▶ **WHAT YOU ARE ASKED TO DO**:
Could you please transcribe the data exactly, without the pictures?

▶ **Dataset entries**:
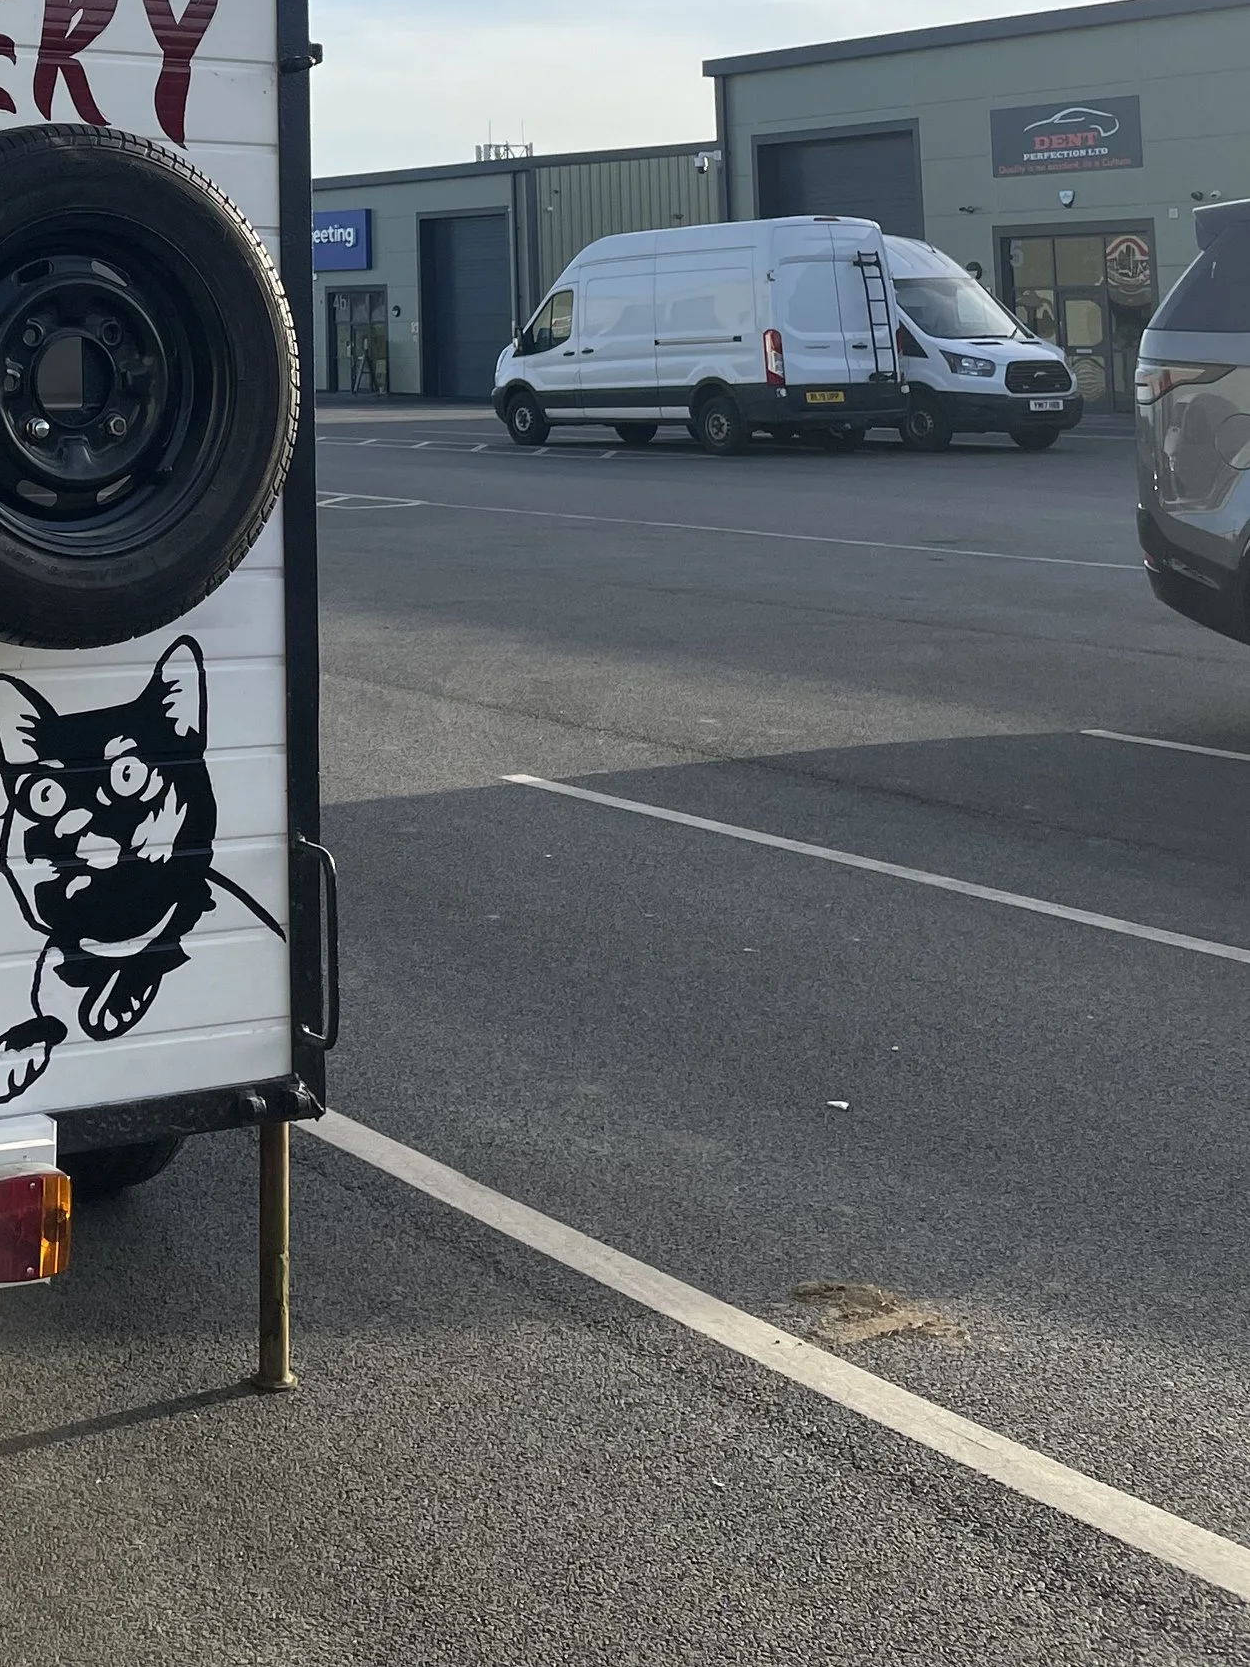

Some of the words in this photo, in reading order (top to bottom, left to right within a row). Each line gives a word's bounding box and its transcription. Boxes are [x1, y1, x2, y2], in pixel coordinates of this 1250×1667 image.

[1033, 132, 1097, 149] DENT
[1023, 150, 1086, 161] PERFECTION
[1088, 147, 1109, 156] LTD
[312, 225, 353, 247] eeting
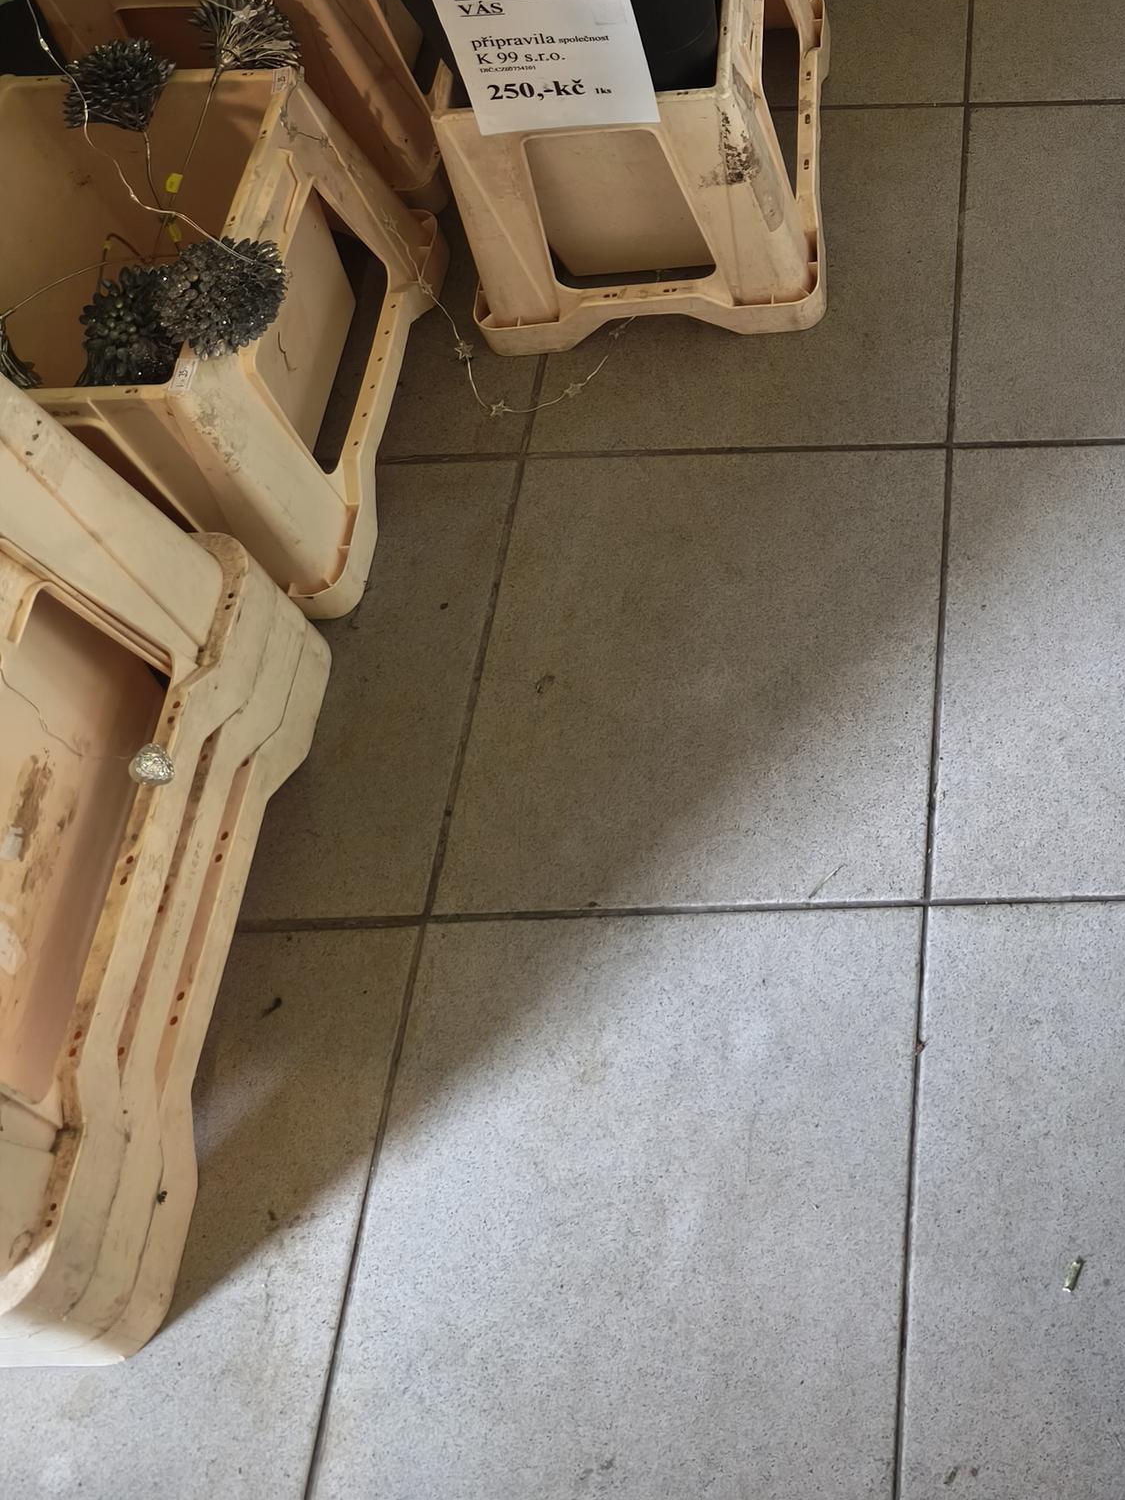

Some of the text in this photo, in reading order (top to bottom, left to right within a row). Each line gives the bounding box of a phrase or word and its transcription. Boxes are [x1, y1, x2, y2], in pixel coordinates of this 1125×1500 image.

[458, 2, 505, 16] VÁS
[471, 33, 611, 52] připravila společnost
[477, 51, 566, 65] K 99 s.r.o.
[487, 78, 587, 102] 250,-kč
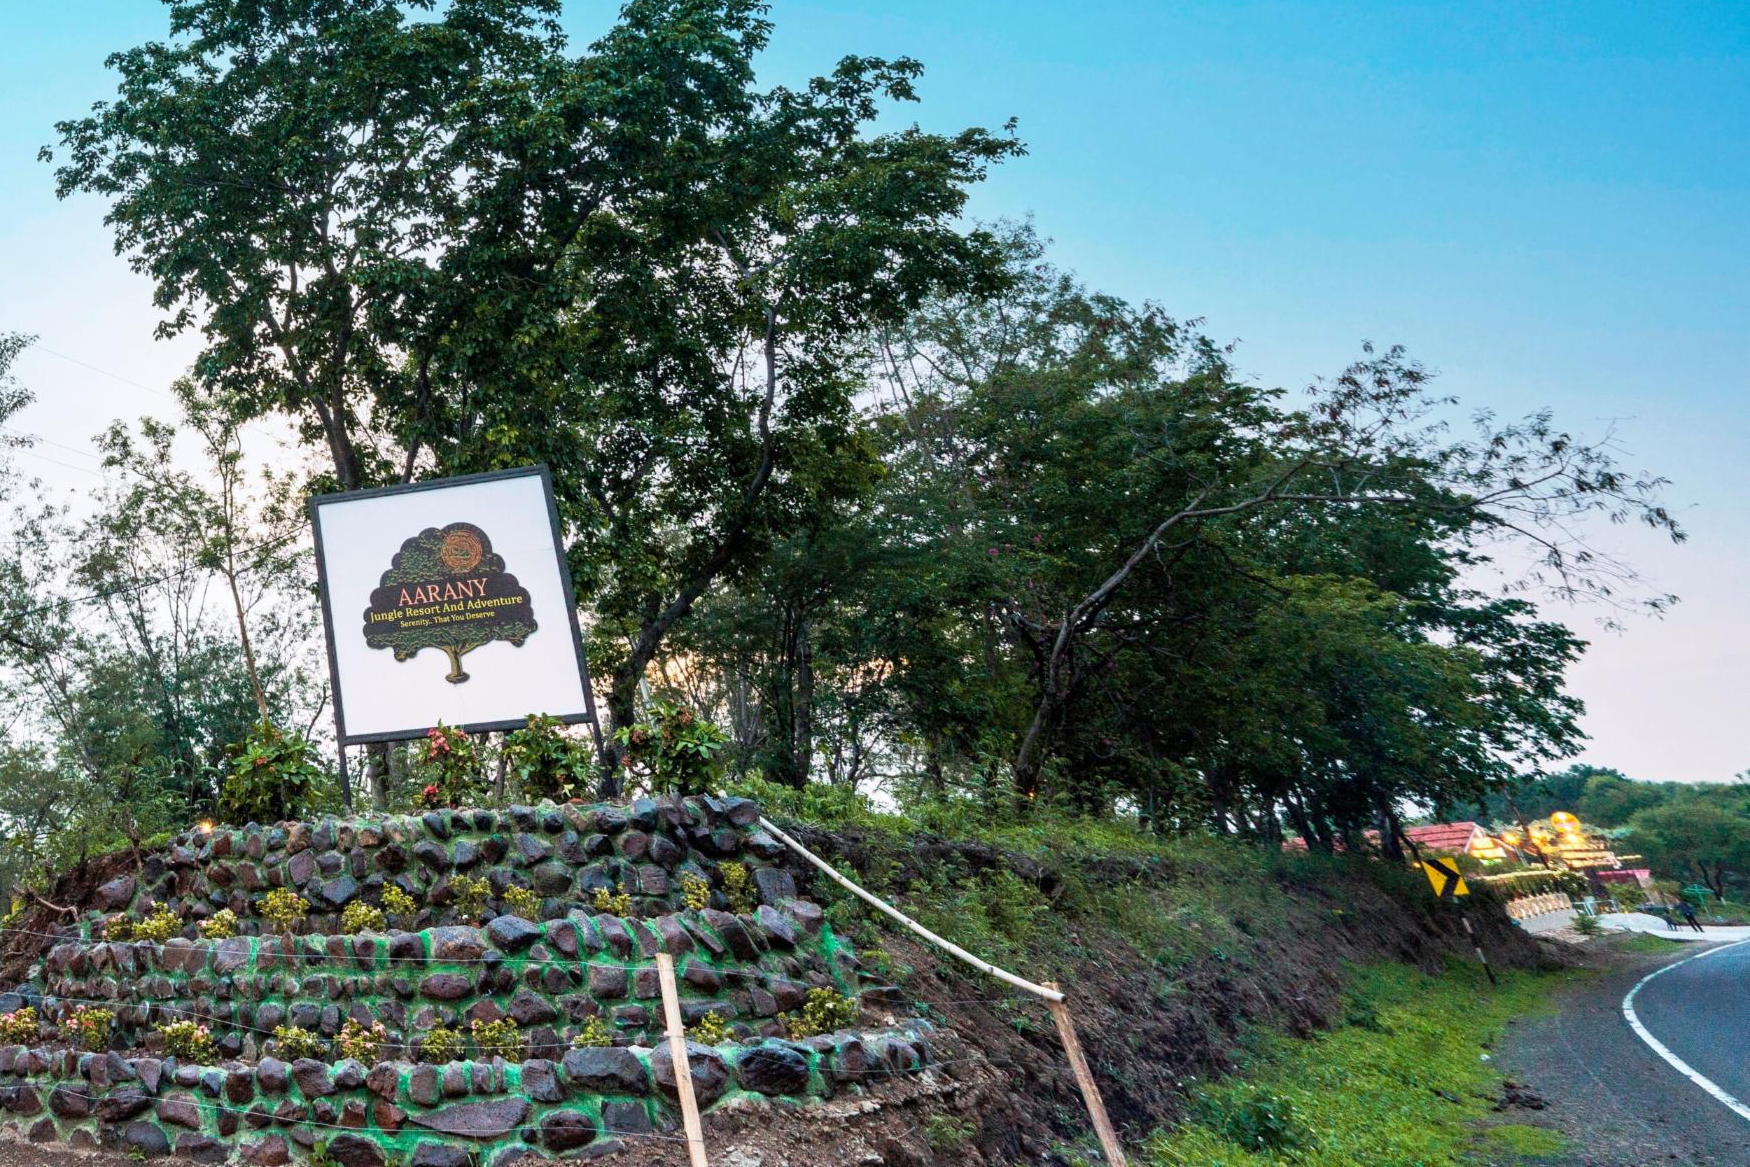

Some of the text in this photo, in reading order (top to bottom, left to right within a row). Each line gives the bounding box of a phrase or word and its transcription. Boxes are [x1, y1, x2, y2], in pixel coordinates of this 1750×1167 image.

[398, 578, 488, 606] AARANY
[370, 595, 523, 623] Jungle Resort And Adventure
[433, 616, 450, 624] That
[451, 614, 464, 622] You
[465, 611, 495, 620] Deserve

▶ **ANSWER SECTION**:
Some of the words in this photo, in reading order (top to bottom, left to right within a row). Each line gives a word's bounding box and its transcription. Boxes are [x1, y1, x2, y2], in pixel coordinates of this 1250×1667 image.

[1033, 132, 1097, 149] DENT
[1023, 150, 1086, 161] PERFECTION
[1088, 147, 1109, 156] LTD
[312, 225, 353, 247] eeting

Some of the text in this photo, in reading order (top to bottom, left to right within a row). Each line gives the bounding box of a phrase or word and its transcription. Boxes are [x1, y1, x2, y2], in pixel coordinates of this 1125×1500 image.

[458, 2, 505, 16] VÁS
[471, 33, 611, 52] připravila společnost
[477, 51, 566, 65] K 99 s.r.o.
[487, 78, 587, 102] 250,-kč

Some of the text in this photo, in reading order (top to bottom, left to right within a row). Each line gives the bounding box of a phrase or word and its transcription. Boxes are [x1, y1, x2, y2], in pixel coordinates of this 1750×1167 image.

[398, 578, 488, 606] AARANY
[370, 595, 523, 623] Jungle Resort And Adventure
[433, 616, 450, 624] That
[451, 614, 464, 622] You
[465, 611, 495, 620] Deserve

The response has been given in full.